Your answer must be the records below, repeated exactly, with every picture left out.

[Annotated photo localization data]
....
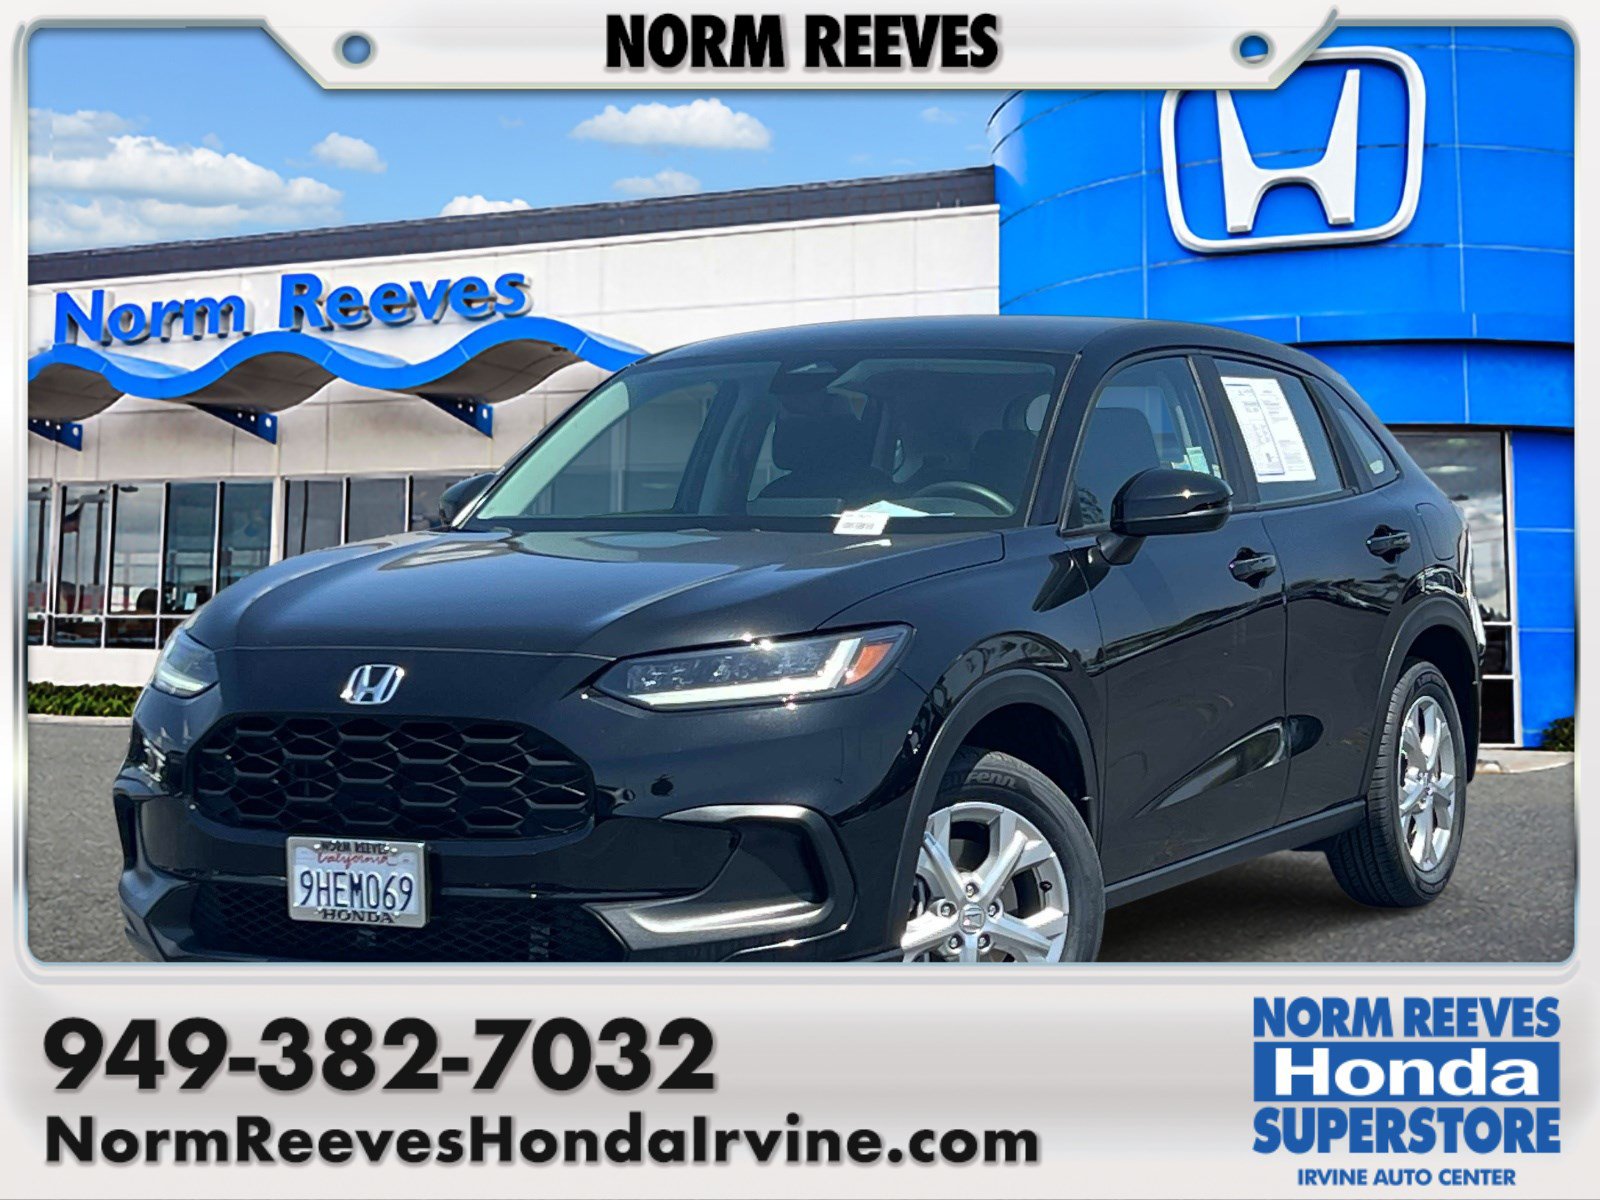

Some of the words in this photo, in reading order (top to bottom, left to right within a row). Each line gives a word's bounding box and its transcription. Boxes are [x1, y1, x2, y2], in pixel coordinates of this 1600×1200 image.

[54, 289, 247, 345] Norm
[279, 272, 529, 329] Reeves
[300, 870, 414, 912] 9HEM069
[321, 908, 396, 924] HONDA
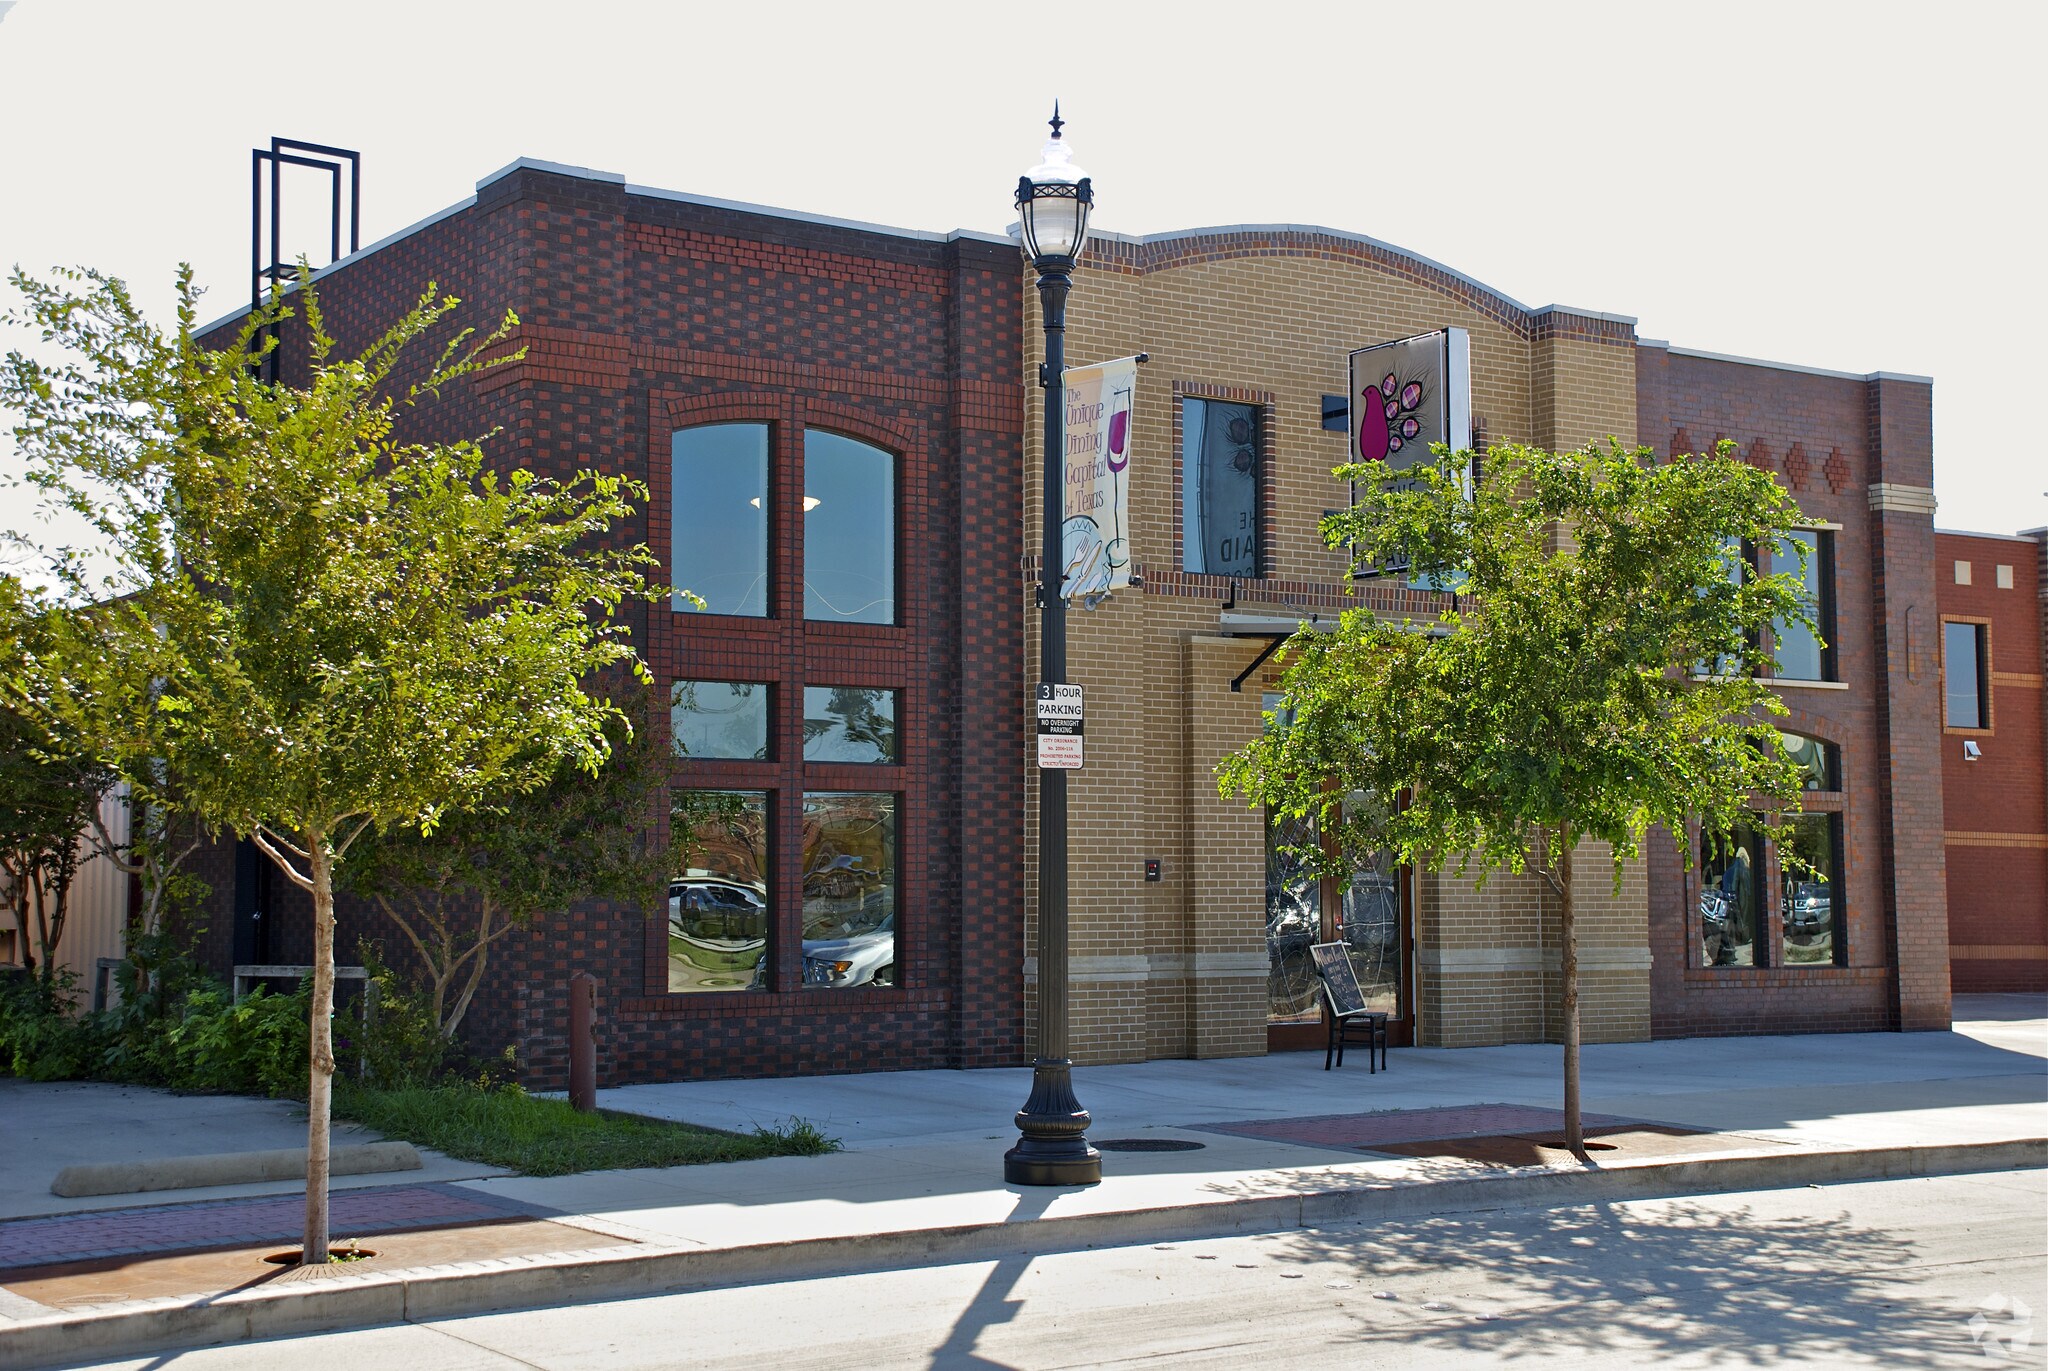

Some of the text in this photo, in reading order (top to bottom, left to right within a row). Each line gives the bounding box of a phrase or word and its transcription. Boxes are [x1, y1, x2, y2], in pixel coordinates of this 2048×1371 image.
....
* OUTPUT FOR THIS EXERCISE:
Some of the words in this photo, in reading order (top to bottom, left to right within a row). Each line gives a word's bounding box and its transcription. Boxes are [x1, y1, x2, y2], in pixel coordinates of this 1600×1200 image.

[54, 289, 247, 345] Norm
[279, 272, 529, 329] Reeves
[300, 870, 414, 912] 9HEM069
[321, 908, 396, 924] HONDA

Some of the text in this photo, in reading order (top to bottom, left to right within a row). Each line gives the bounding box of a phrase or word and its transcription. Boxes are [x1, y1, x2, y2], in pixel coordinates of this 2048×1371 image.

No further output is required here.